(Stored items from a collection)
_ _ _ _ _ _ _
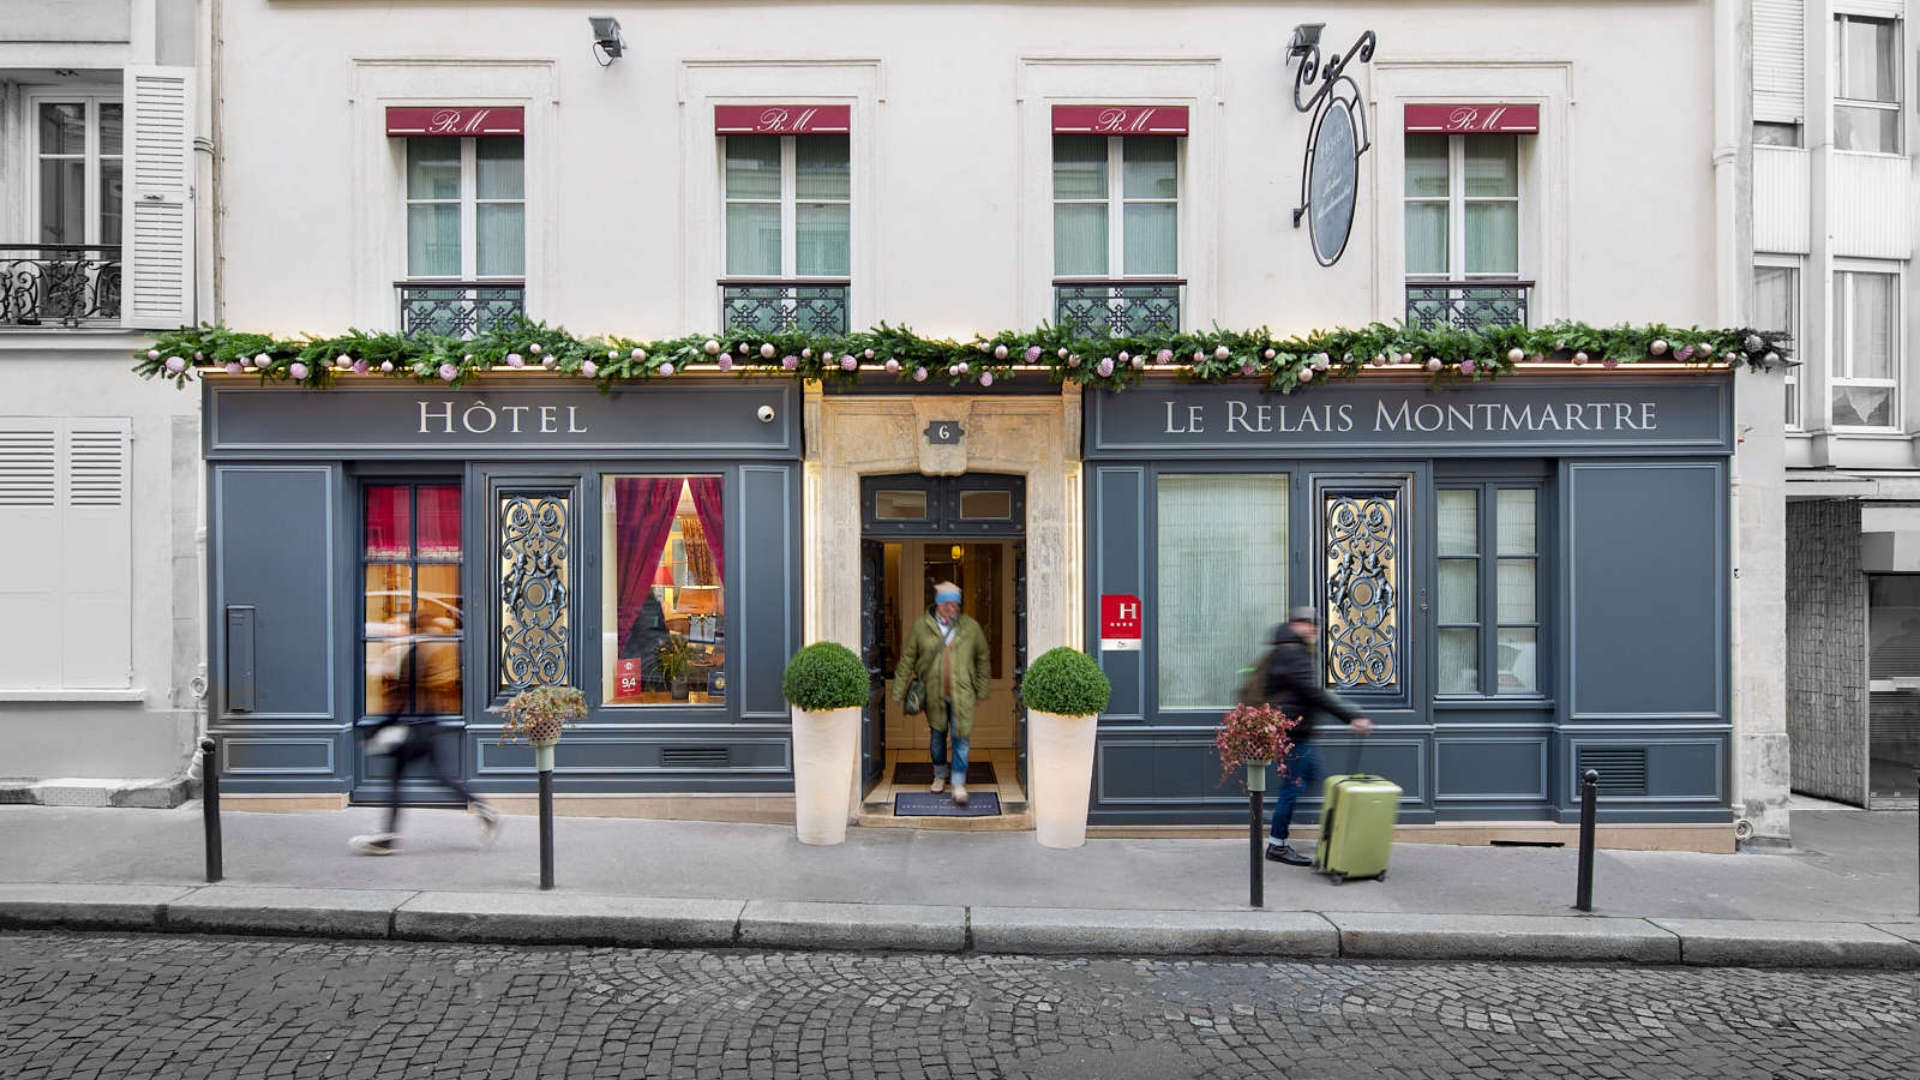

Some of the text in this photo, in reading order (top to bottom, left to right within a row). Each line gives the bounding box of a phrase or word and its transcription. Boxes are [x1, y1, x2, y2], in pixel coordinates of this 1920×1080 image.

[417, 400, 588, 433] HÔTEL
[1164, 399, 1658, 433] LE RELAIS MONTMARTRE
[939, 424, 950, 439] 6
[1120, 603, 1137, 620] H
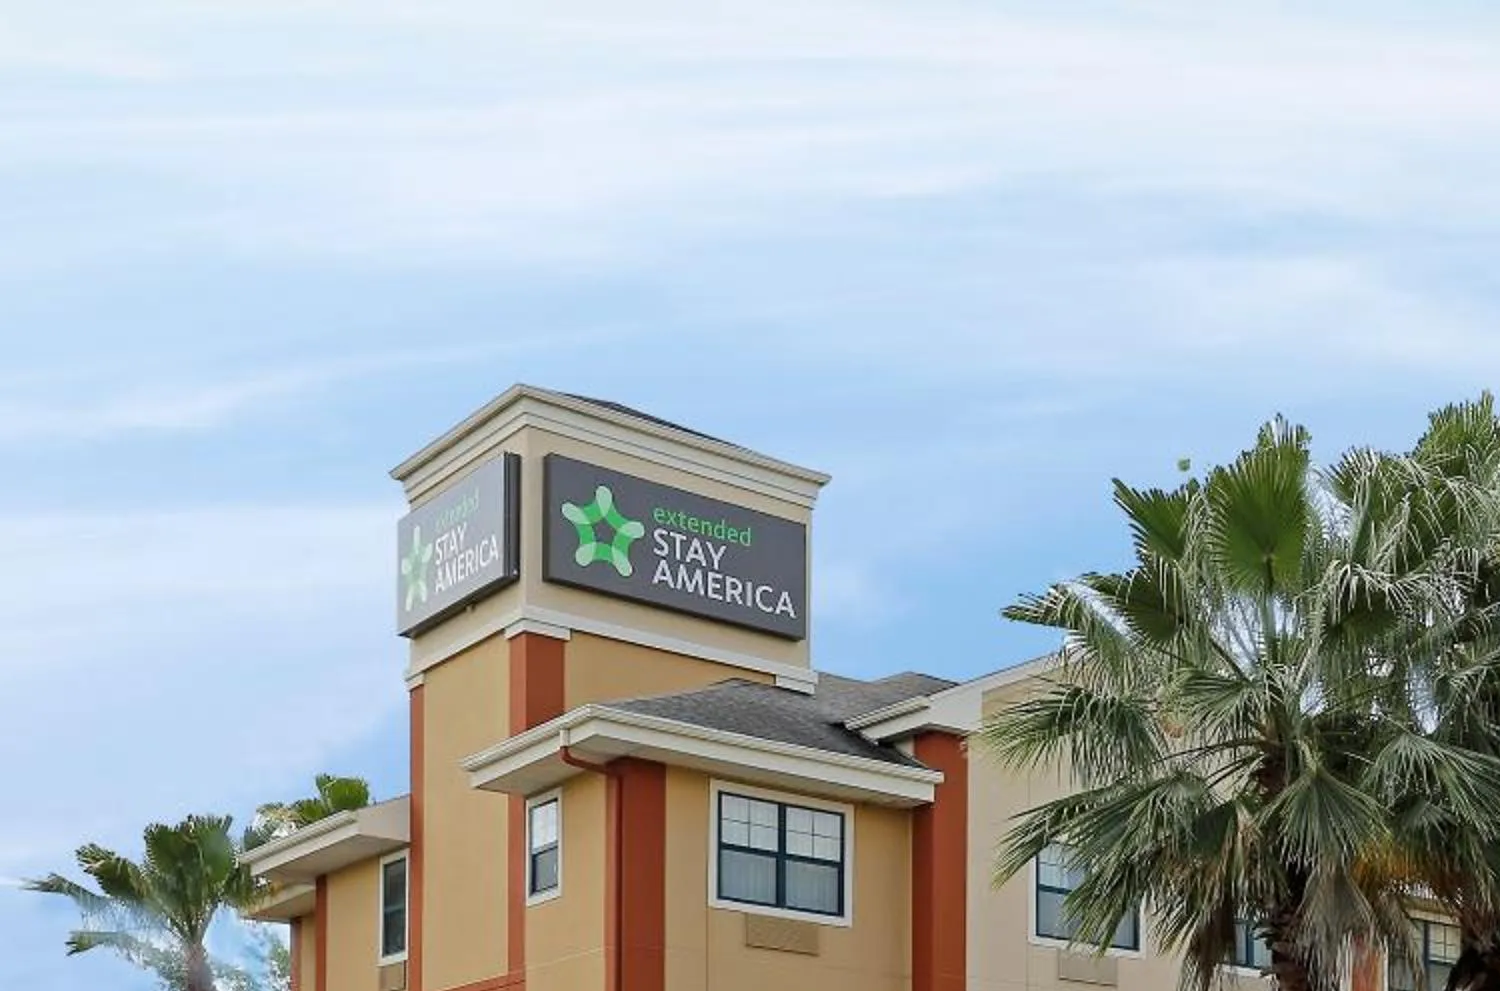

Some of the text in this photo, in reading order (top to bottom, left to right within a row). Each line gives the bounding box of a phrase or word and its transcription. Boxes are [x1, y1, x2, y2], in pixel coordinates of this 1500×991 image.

[435, 522, 467, 562] STAY
[653, 508, 751, 546] extended
[435, 534, 499, 594] AMERICA
[653, 528, 727, 570] STAY
[652, 560, 796, 618] AMERICA
_ _ _ _ _ _ _
**Task:** Reproduce each entry precisely; the pictures stay out.

**Written solution:**
Some of the text in this photo, in reading order (top to bottom, left to right within a row). Each line gives the bounding box of a phrase or word and its transcription. Boxes are [x1, y1, x2, y2], in pixel coordinates of this 1920×1080 image.

[417, 400, 588, 433] HÔTEL
[1164, 399, 1658, 433] LE RELAIS MONTMARTRE
[939, 424, 950, 439] 6
[1120, 603, 1137, 620] H

Some of the text in this photo, in reading order (top to bottom, left to right within a row). Each line gives the bounding box of a phrase or word and its transcription. Boxes are [x1, y1, x2, y2], in pixel coordinates of this 1500×991 image.

[435, 522, 467, 562] STAY
[653, 508, 751, 546] extended
[435, 534, 499, 594] AMERICA
[653, 528, 727, 570] STAY
[652, 560, 796, 618] AMERICA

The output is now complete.